UK economy
Britain's economy exited recession in the third quarter of the year (Reuters)

The UK economy grew by 1 percent in the third quarter of the year, the Office for National Statistics (ONS) confirmed in its second estimate of GDP, leaving the original figure unchanged.

However the ONS revised down its preliminary output estimates for the production, manufacturing and construction industries.

"With headline GDP growth unchanged, the markets are being reassured that progress is not a mirage," said Glenn Uniacke, senior dealer at forex specialists Moneycorp.

"For now anyway. While by no means a definitive figure, this second estimate is more robust than the gasp-inducing first version last month. It is underpinned by some solid performance."

Service sector output was left unchanged at 1.3 percent growth quarter on quarter in the three months to the end of September.

Production industries output rose by 0.9 percent, down from the preliminary estimate of 1.1 percent.

Manufacturing output grew by 0.9 percent on the quarter, a downward revision of 0.1 percent.

Construction sector output worsened to a -2.6 percent contraction, a -0.1 cut on the ONS's first guess.

Britain exited its second recession since the 2008 financial crisis in the third quarter of the year with a boost from hosting the Olympic Games and a positive base effect after lost output from an extra public holiday, for the Queen's Diamond Jubilee in June, corrected itself in the data.

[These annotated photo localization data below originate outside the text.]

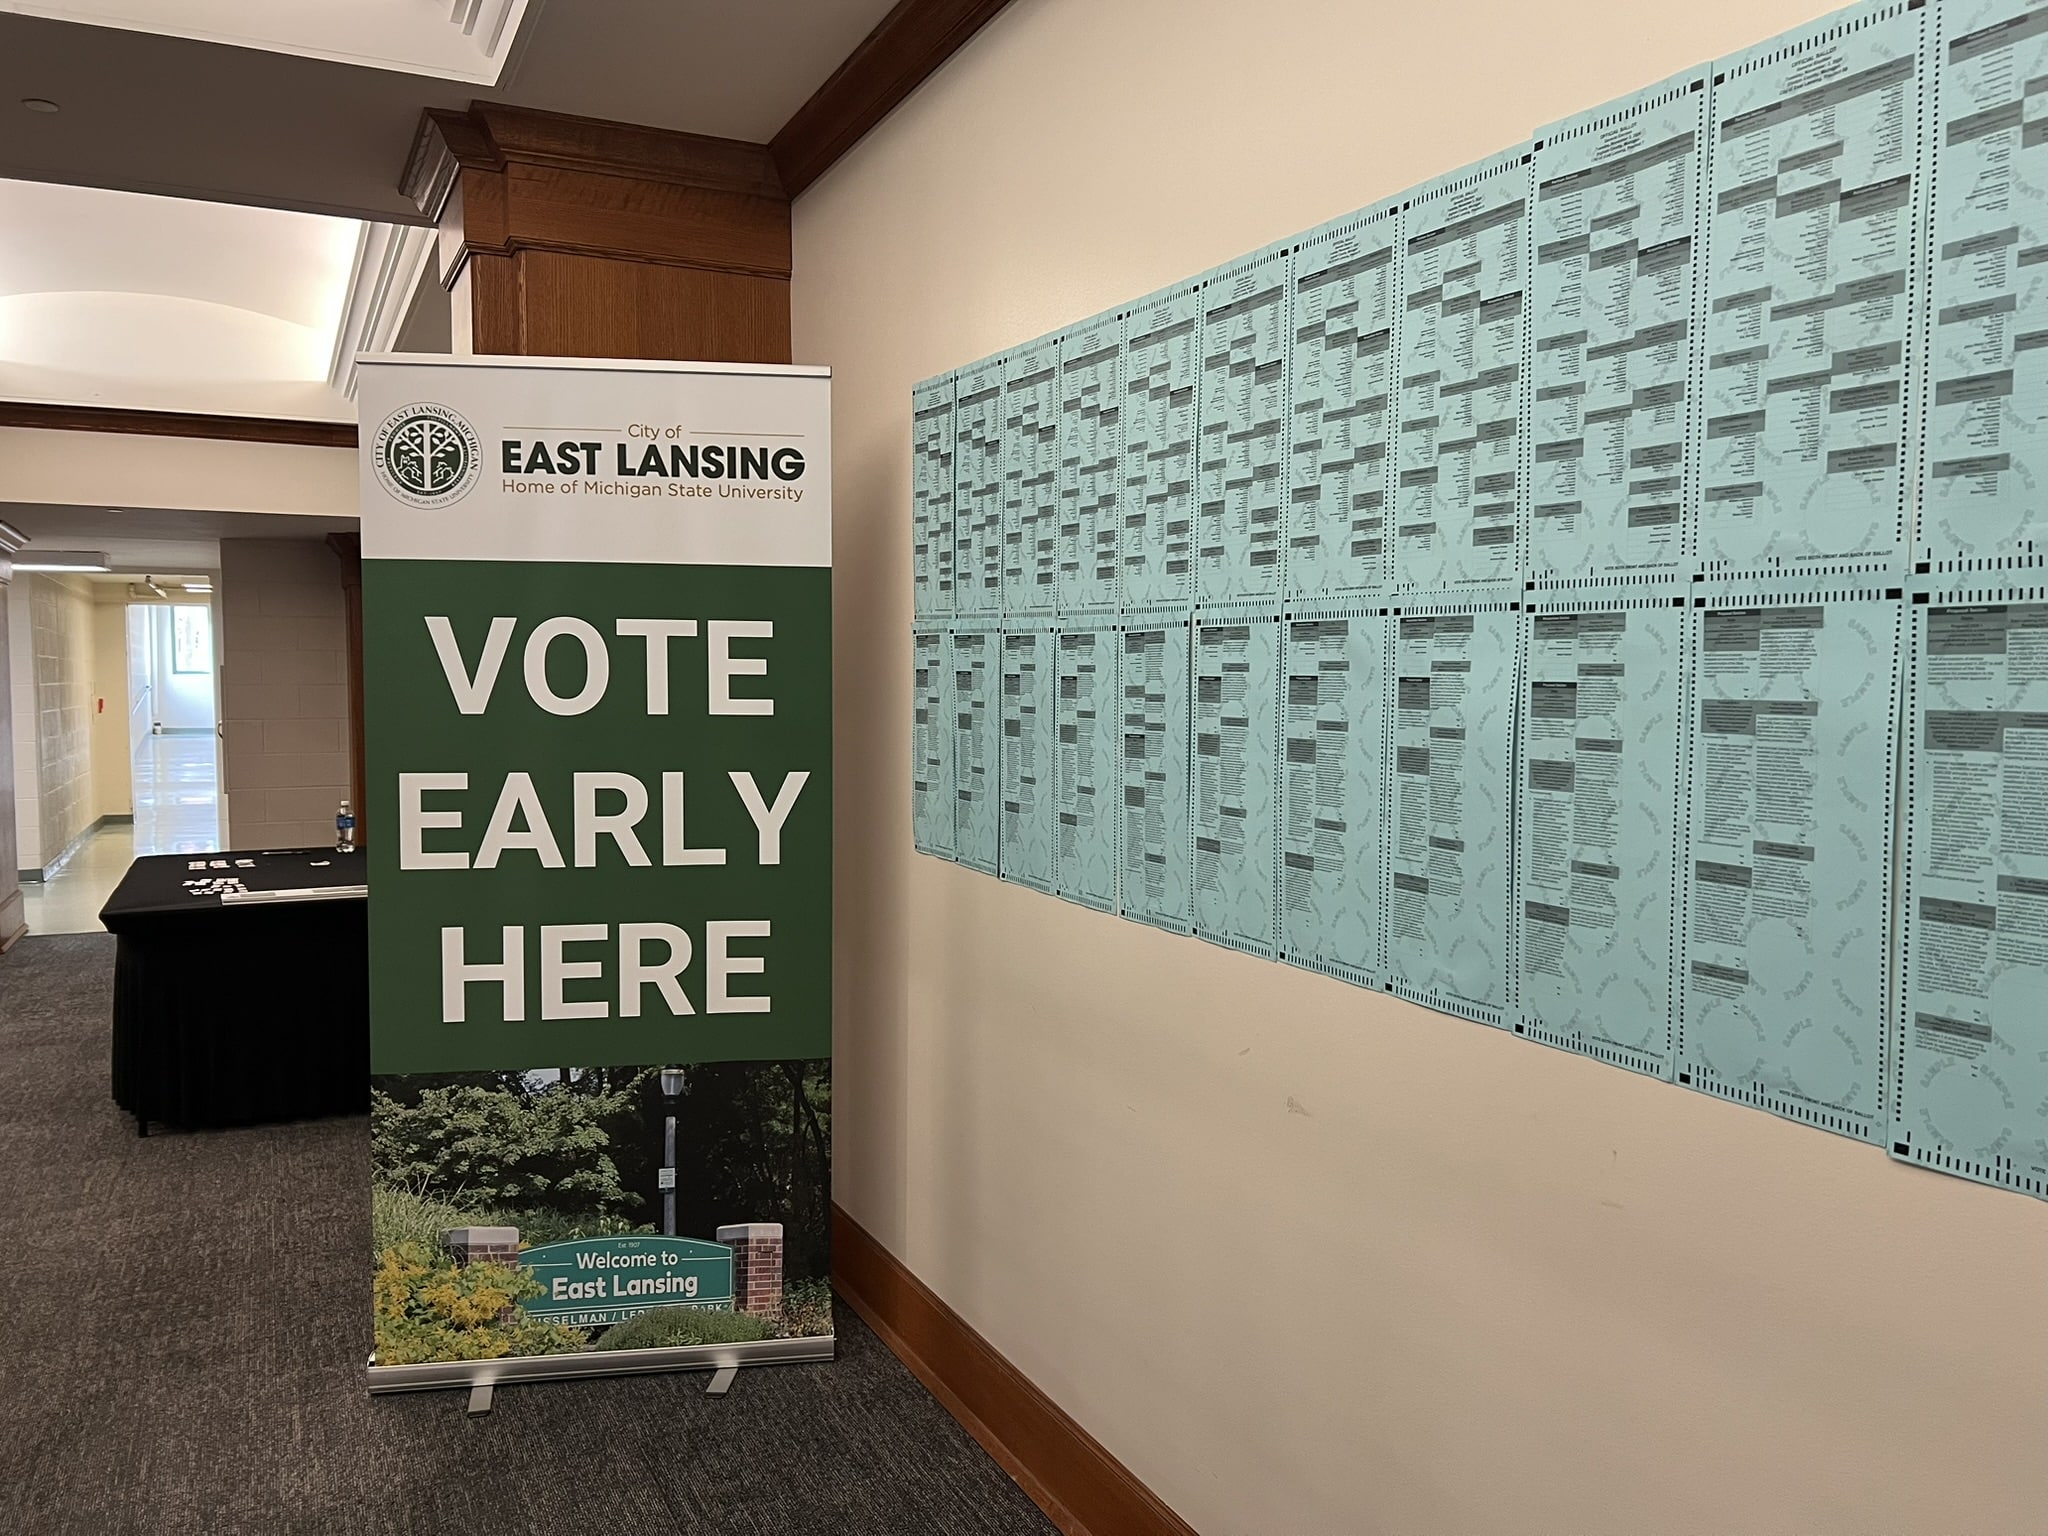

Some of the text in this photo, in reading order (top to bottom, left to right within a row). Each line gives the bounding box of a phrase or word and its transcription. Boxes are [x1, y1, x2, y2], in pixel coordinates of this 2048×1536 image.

[387, 410, 410, 429] EAST
[628, 424, 682, 440] City of
[379, 430, 389, 441] OF
[456, 420, 480, 470] MICHIGAN
[376, 444, 384, 468] CITY
[502, 440, 602, 475] EAST
[617, 443, 805, 481] LANSING
[502, 479, 804, 502] Home of Michigan State University
[1848, 618, 1878, 656] SAMPLE
[424, 616, 774, 716] VOTE
[399, 772, 811, 870] EARLY
[441, 920, 771, 1022] HERE
[1980, 1064, 2016, 1110] SAMPLE
[576, 1250, 678, 1270] Welcome to
[552, 1271, 698, 1300] East Lansing
[533, 1312, 608, 1326] USSELMAN
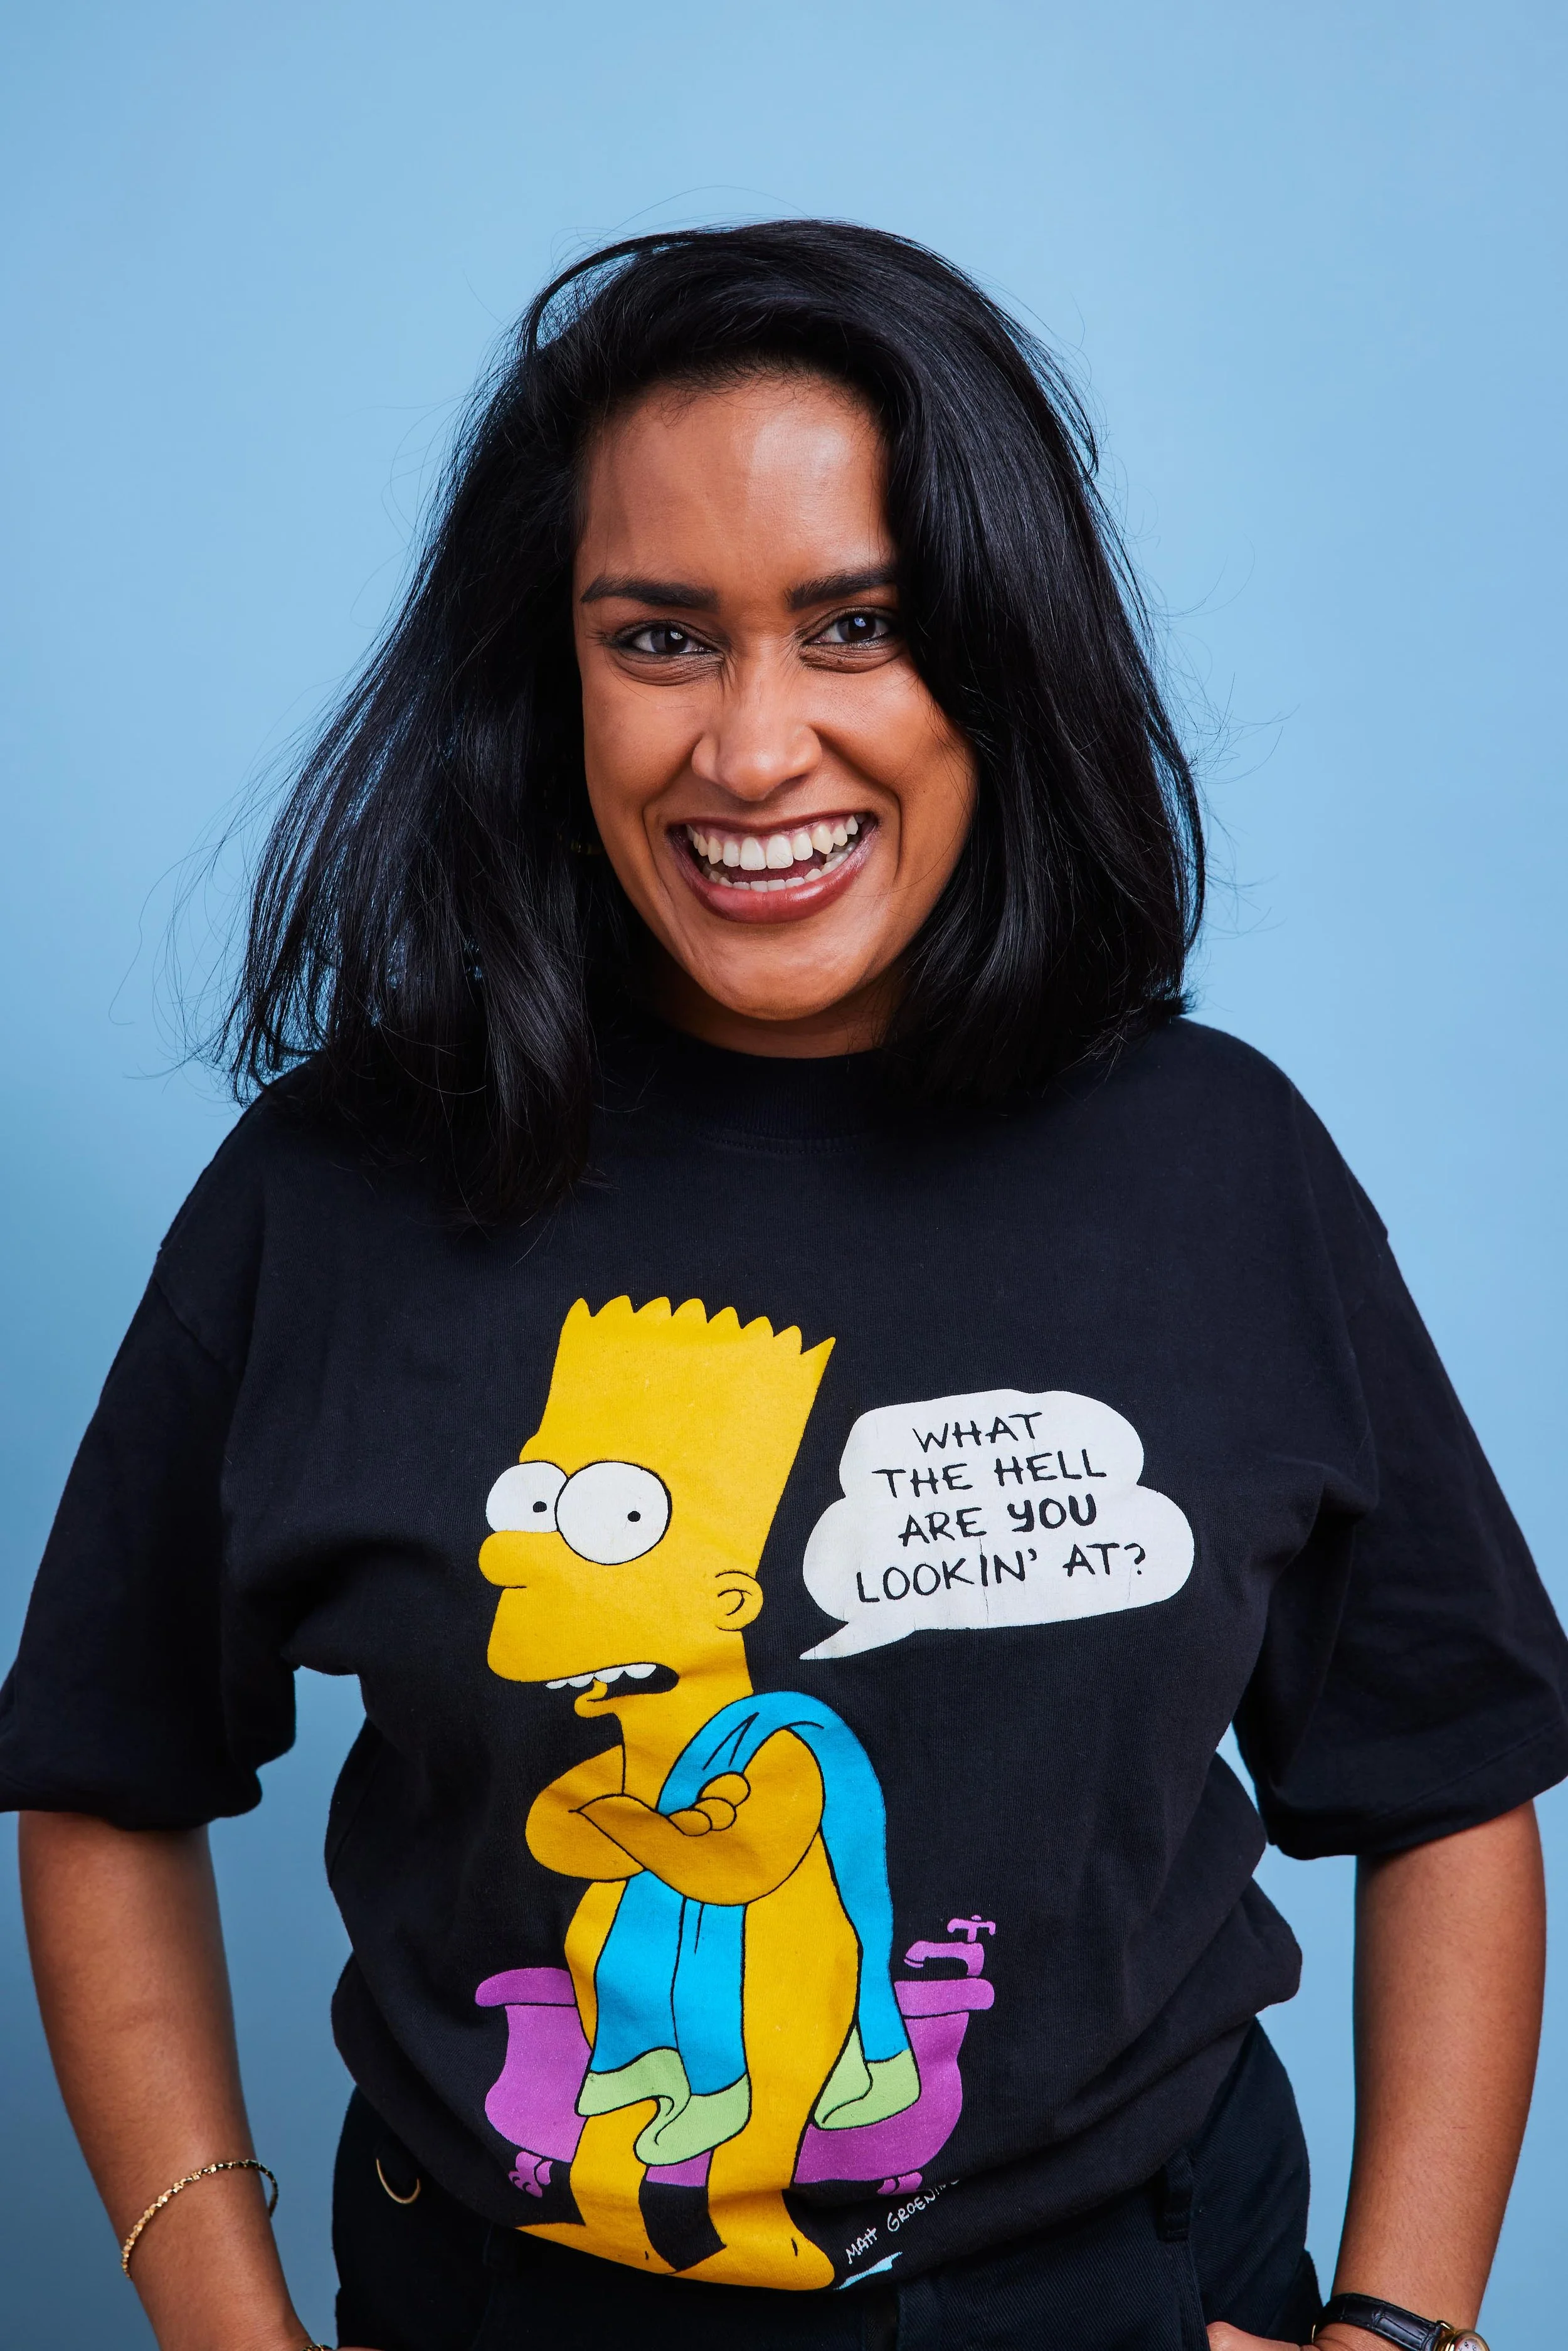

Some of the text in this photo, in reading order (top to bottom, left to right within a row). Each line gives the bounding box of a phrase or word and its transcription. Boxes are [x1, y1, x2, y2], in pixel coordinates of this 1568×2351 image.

[912, 1412, 1042, 1453] WHAT
[872, 1449, 1107, 1498] THE HELL
[898, 1494, 1097, 1546] ARE YOU
[857, 1543, 1146, 1603] LOOKIN' AT?

A continued collapse in construction sector output had pulled the economy down since the last quarter of 2011.

The outlook for the UK economy is worsening, with both the Bank of England and International Monetary Fund (IMF) slashing growth forecasts, as the eurozone crisis still looms large over the country.

Ministers hope that recent announcements, such as a £9.4bn investment in the country's rail infrastructure and a £40bn guarantee scheme to underwrite major construction projects, will stimulate a recovery.

They also look to the Bank of England's monetary policy pushes, including the £375bn quantitative easing programme of asset purchases and two credit easing schemes to get banks lending again, and hope it is enough to guide the economy through the downturn.

Research by the Institute for Fiscal Studies (IFS), a leading think tank, suggests that Chancellor George Osborne will need to extend his austerity programme of public spending cuts until 2018 and by an extra £11bn as he seeks to reduce his budget deficit.

This is because the recession has trimmed government tax receipts and sent public debt soaring over £1tn. It currently stands at 67.9 percent of GDP.

Osborne is also likely to miss his target of bringing debt down as a percentage of GDP by 2015.